Extended Data Fig. 1. Whole genome sequencing in 53,574 individuals from the Genomics England Rare Disease Project and detected NUMT insertions.

a. Histogram of individuals’ age. b. Pie chart of individuals’ sex determined from the rare disease genomes. c. Letter-value plots of sequencing depth of whole genome sequencing (left) and mitochondrial genome sequencing (right) from the rare disease genomes. The middle line represents the median (50th percentile). Each successive level outward contains half of the remaining data. The first two sections out from the centre line contain 50% of the data. The next two sections contain 25% of the data. This continues until at the outlier level. The outliers are plotted as diamonds. d. Overview of the frequencies of the NUMTs detected by at least 2 pairs of discordant reads. Common = population frequency (F) > = 1%; rare = F < 1% but > = 0.1%; ultra-rare F < 0.1% in the population. e. Histogram of the average number of NUMTs per individual that were not present in the reference sequence and were detected by at least 2 pairs of discordant reads. f.

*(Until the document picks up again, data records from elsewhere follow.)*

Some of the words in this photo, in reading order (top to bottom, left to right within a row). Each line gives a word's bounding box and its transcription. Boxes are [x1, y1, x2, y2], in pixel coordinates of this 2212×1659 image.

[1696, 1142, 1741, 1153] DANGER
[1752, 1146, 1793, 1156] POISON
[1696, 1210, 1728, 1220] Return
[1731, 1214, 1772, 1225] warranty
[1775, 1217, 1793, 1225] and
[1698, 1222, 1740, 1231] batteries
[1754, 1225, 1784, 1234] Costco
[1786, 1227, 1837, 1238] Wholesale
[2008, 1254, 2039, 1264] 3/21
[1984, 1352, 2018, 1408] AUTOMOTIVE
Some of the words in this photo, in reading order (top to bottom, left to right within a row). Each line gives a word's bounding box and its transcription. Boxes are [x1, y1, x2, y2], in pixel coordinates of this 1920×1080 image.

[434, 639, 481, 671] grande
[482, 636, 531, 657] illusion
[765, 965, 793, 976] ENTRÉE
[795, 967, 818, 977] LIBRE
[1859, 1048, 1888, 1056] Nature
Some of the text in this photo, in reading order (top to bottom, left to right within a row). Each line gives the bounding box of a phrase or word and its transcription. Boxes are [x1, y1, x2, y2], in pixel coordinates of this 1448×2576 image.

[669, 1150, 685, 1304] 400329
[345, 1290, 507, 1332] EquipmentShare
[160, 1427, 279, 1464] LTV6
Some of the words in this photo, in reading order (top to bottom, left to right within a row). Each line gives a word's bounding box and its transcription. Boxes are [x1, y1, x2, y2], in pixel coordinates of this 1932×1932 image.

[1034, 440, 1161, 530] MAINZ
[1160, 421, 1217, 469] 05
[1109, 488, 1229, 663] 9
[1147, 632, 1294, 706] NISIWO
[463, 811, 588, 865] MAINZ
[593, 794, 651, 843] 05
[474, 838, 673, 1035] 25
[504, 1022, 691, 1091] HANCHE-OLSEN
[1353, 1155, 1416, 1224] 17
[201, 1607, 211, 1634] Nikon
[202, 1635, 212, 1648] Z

Letter-value plots of the average number of NUMTs detected by at least 5 pairs of discordant reads from each individual, male and female shown separately. The middle line represents the median (50th percentile). Each successive level outward contains half of the remaining data. The first two sections out from the centre line contain 50% of the data. The next two sections contain 25% of the data. This continues until at the outlier level. The outliers are plotted as diamonds. g. Correlation of individual age and the average number of NUMTs detected. Regression line shown in red.